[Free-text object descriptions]
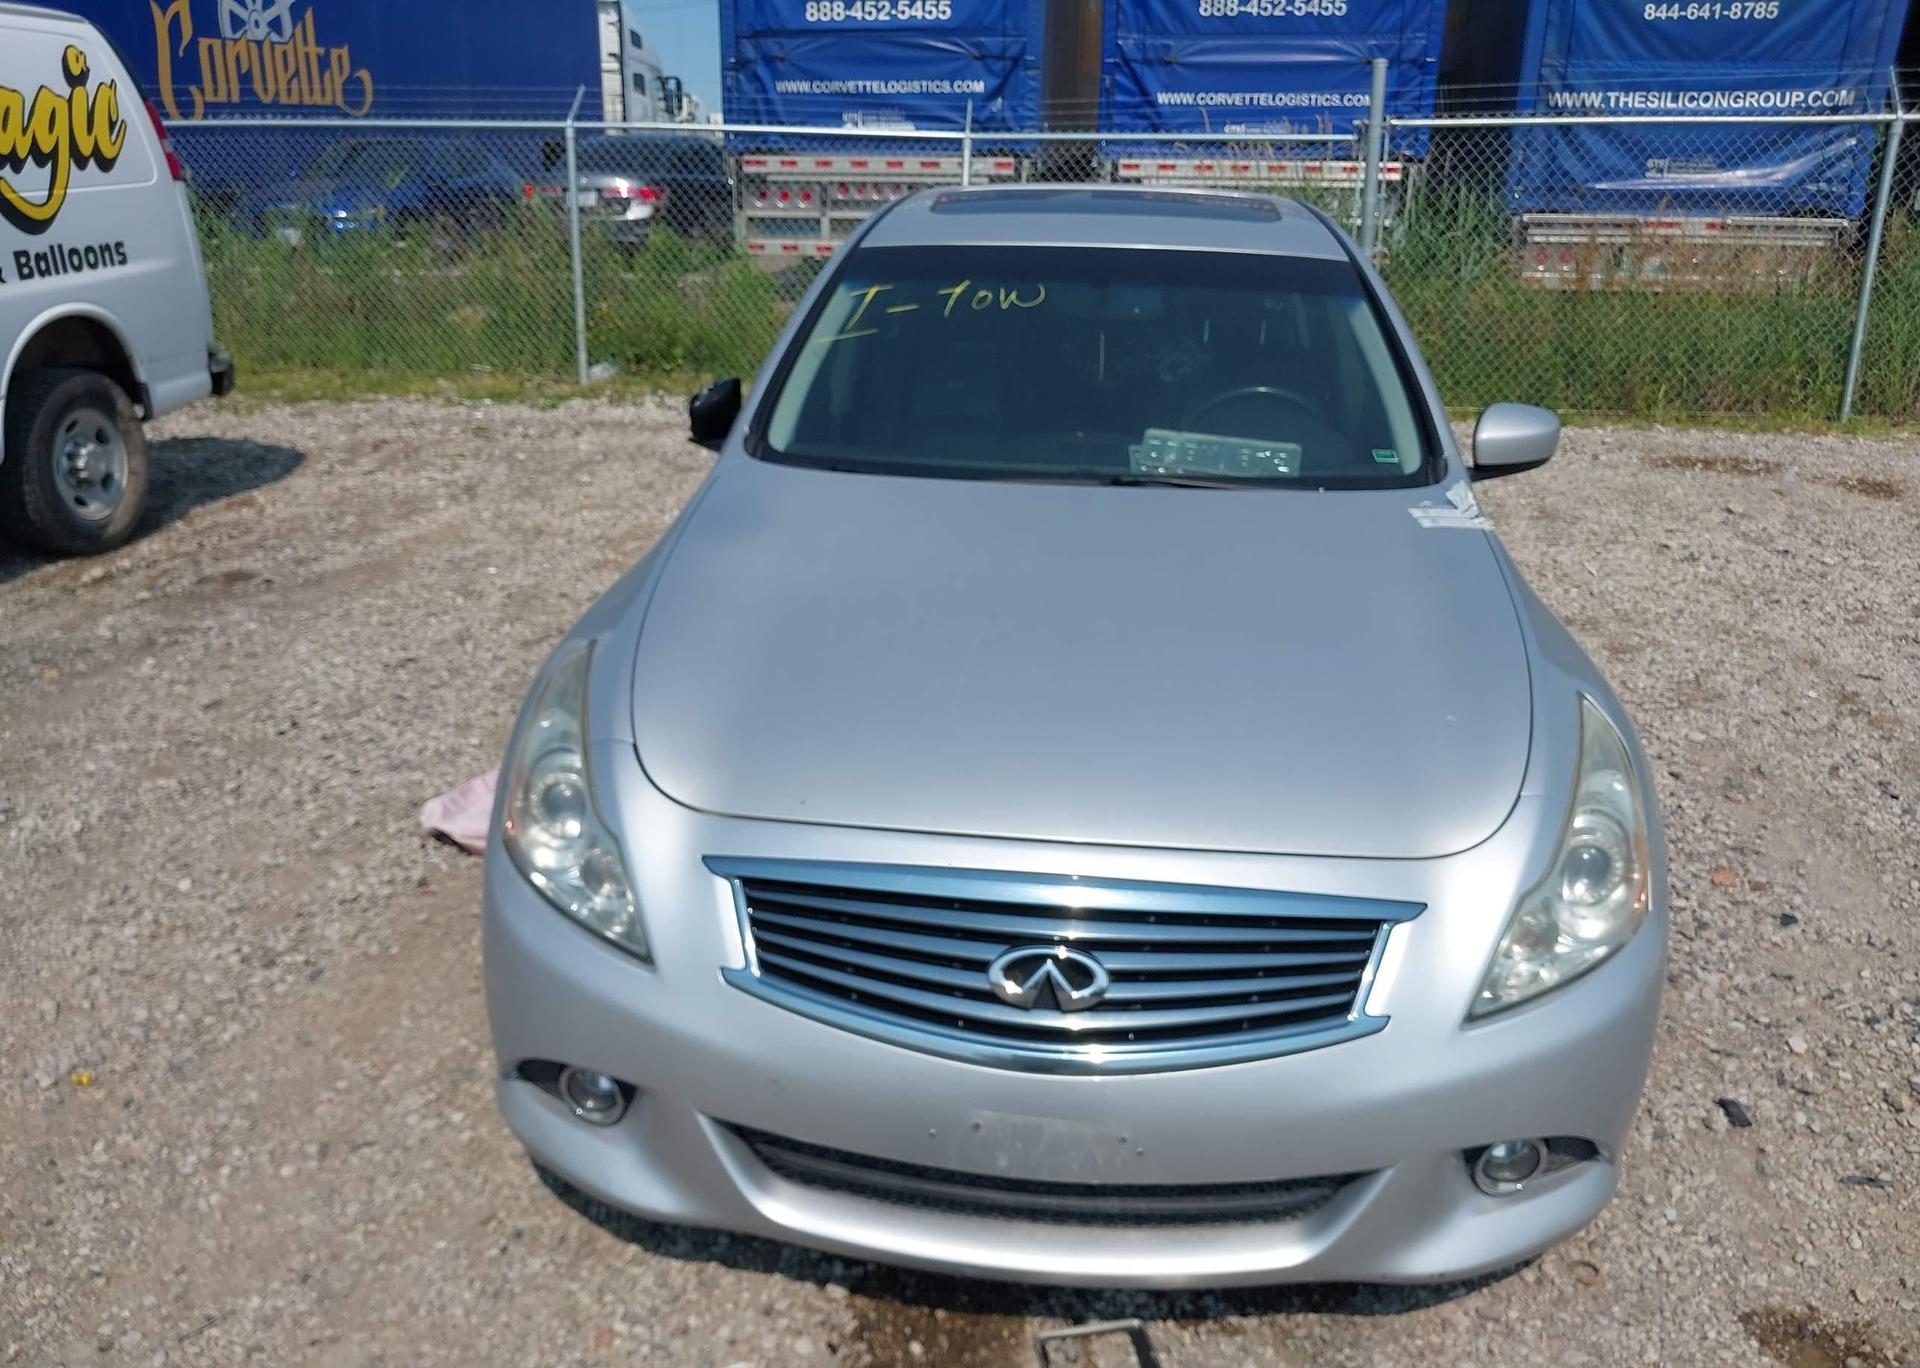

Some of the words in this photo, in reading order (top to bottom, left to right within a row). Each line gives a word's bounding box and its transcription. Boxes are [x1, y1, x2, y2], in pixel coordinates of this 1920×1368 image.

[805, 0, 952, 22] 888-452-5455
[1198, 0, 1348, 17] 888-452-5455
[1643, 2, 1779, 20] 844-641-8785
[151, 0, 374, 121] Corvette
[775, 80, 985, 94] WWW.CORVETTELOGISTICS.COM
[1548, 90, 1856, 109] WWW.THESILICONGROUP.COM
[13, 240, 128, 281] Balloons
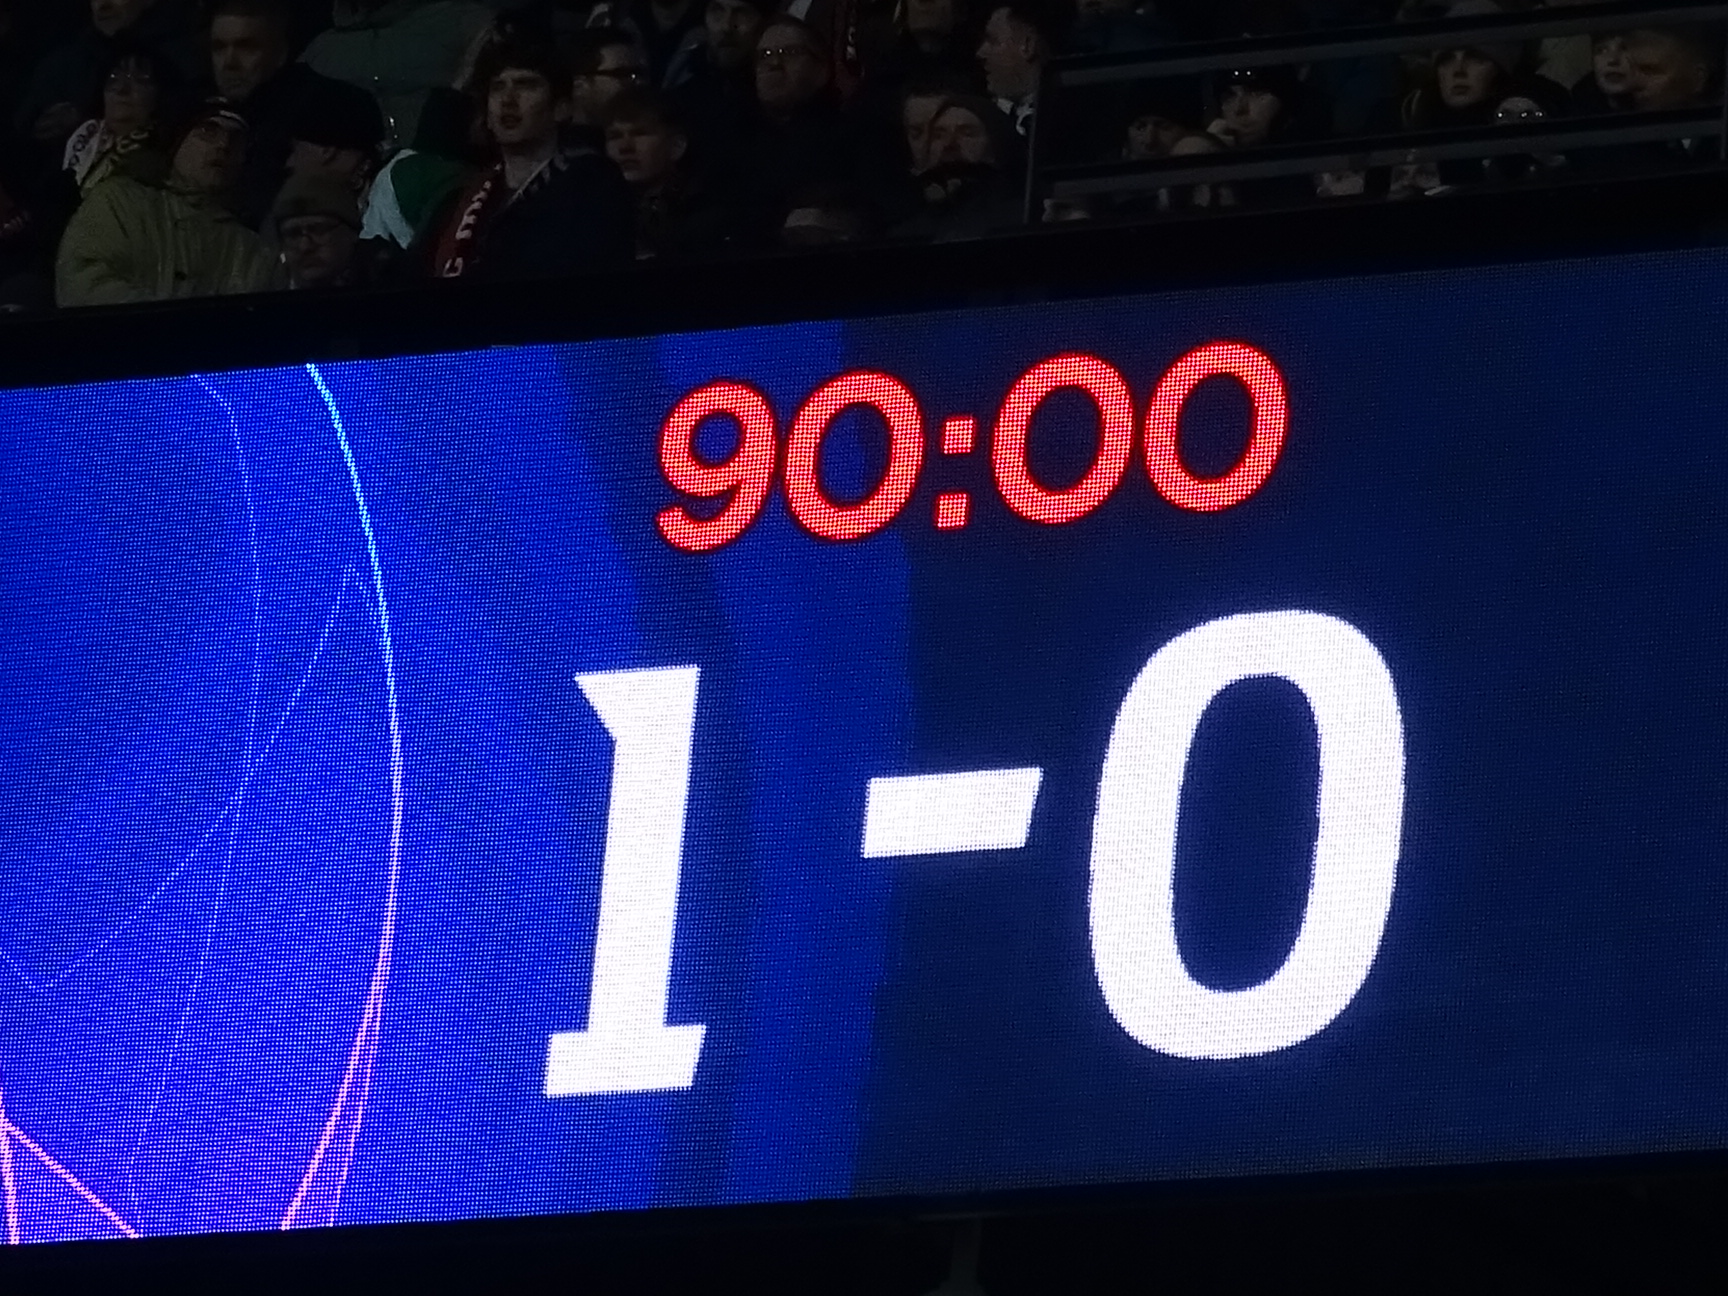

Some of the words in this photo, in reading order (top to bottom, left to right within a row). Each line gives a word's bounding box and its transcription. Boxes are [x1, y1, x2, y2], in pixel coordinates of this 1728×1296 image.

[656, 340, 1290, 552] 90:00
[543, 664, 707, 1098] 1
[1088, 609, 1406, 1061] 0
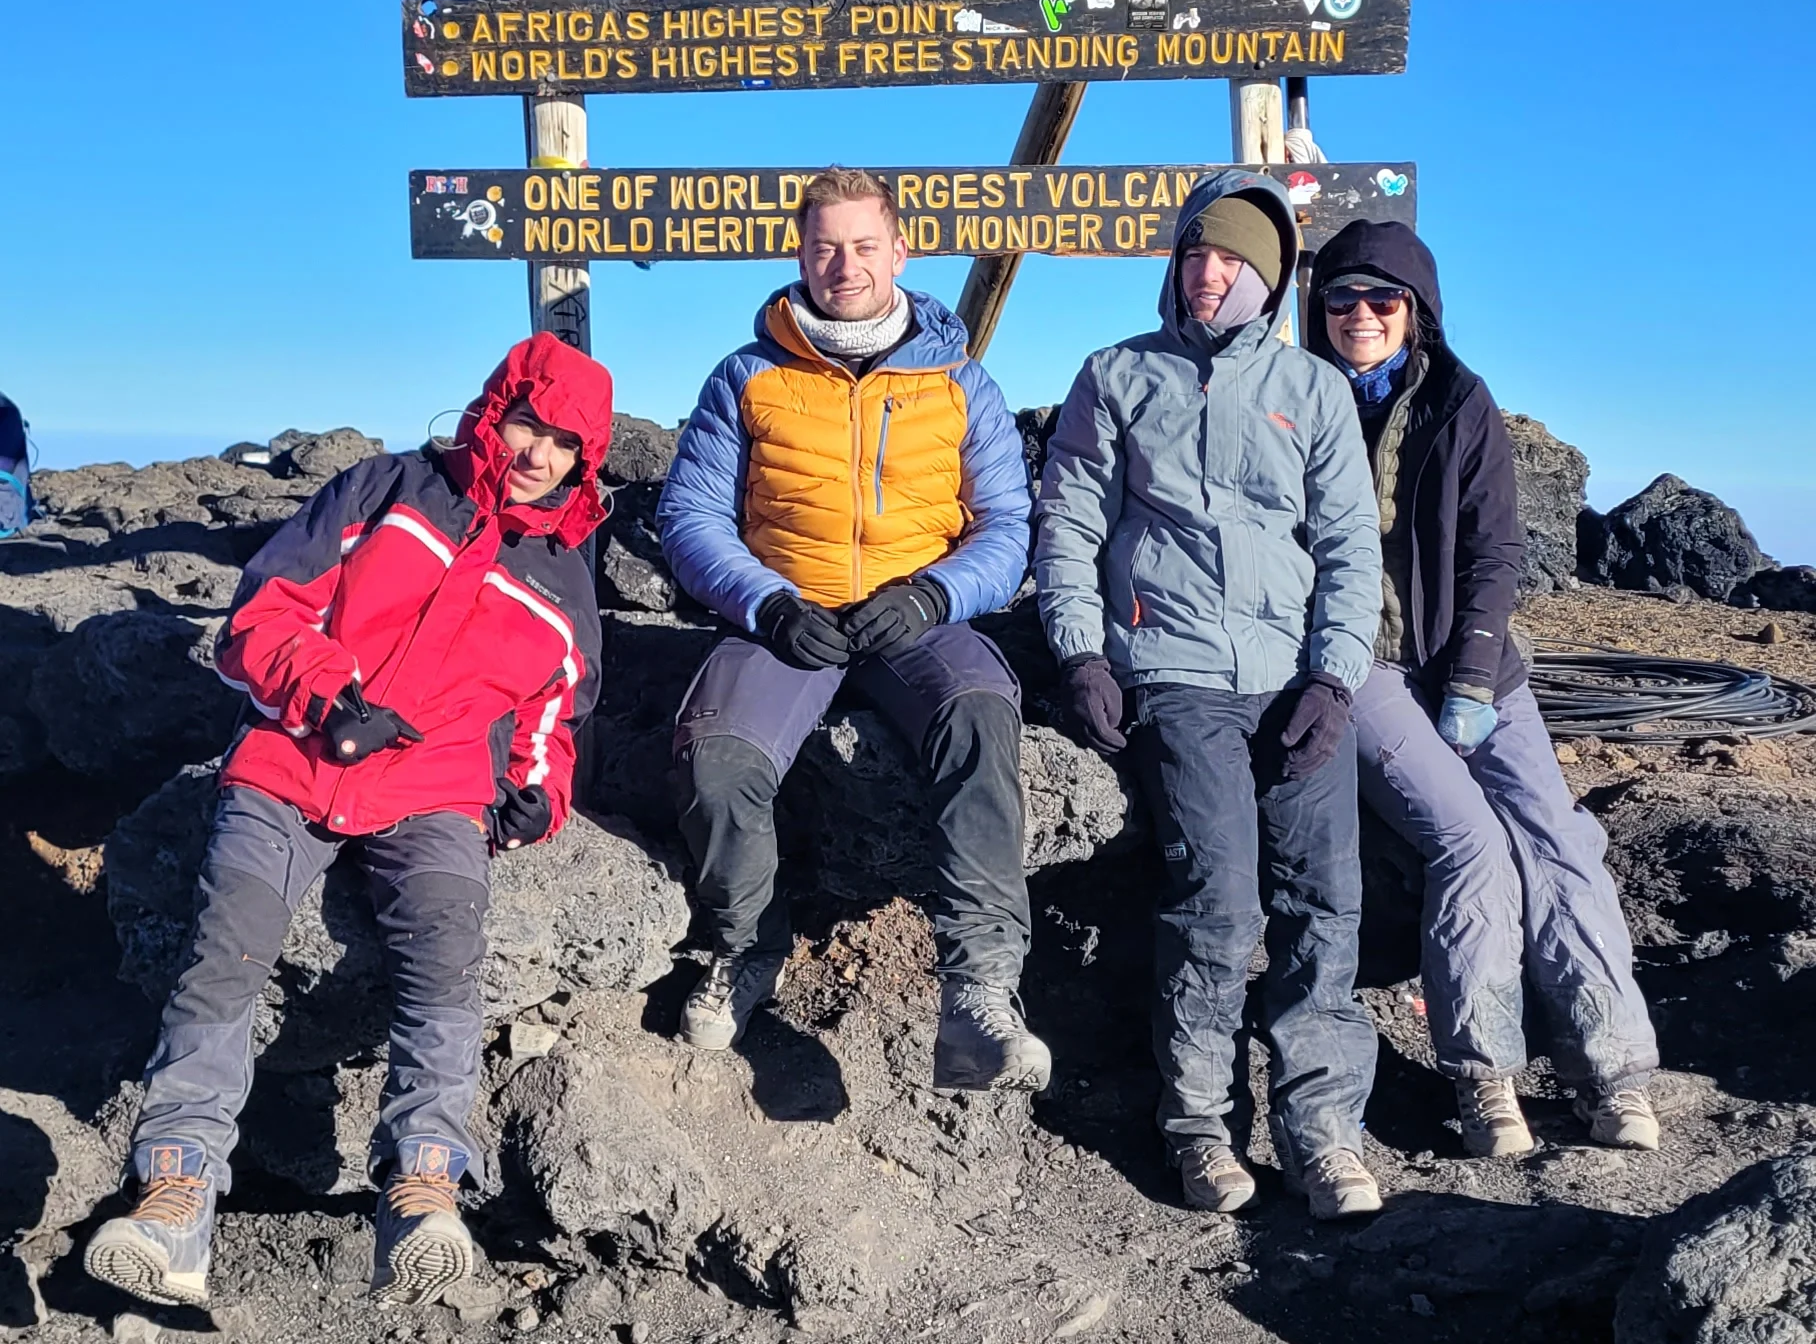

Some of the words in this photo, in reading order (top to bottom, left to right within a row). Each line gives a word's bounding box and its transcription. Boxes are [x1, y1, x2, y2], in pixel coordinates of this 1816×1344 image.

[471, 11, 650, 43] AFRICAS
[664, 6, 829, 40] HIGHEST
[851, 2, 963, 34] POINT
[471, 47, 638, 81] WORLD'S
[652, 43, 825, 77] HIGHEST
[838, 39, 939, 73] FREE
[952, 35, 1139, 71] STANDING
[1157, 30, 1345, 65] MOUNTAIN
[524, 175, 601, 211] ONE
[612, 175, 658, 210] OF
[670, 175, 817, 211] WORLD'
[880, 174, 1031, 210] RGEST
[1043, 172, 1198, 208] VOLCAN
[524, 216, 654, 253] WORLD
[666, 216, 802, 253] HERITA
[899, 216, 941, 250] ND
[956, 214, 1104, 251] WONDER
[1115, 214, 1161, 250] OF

▶ Aim of the task: Nothing should be returned except the lines from the one containing "this 1816×1344 image." through the last line of the data, each restated word for word.

▶ Written solution:
Some of the words in this photo, in reading order (top to bottom, left to right within a row). Each line gives a word's bounding box and its transcription. Boxes are [x1, y1, x2, y2], in pixel coordinates of this 1816×1344 image.

[471, 11, 650, 43] AFRICAS
[664, 6, 829, 40] HIGHEST
[851, 2, 963, 34] POINT
[471, 47, 638, 81] WORLD'S
[652, 43, 825, 77] HIGHEST
[838, 39, 939, 73] FREE
[952, 35, 1139, 71] STANDING
[1157, 30, 1345, 65] MOUNTAIN
[524, 175, 601, 211] ONE
[612, 175, 658, 210] OF
[670, 175, 817, 211] WORLD'
[880, 174, 1031, 210] RGEST
[1043, 172, 1198, 208] VOLCAN
[524, 216, 654, 253] WORLD
[666, 216, 802, 253] HERITA
[899, 216, 941, 250] ND
[956, 214, 1104, 251] WONDER
[1115, 214, 1161, 250] OF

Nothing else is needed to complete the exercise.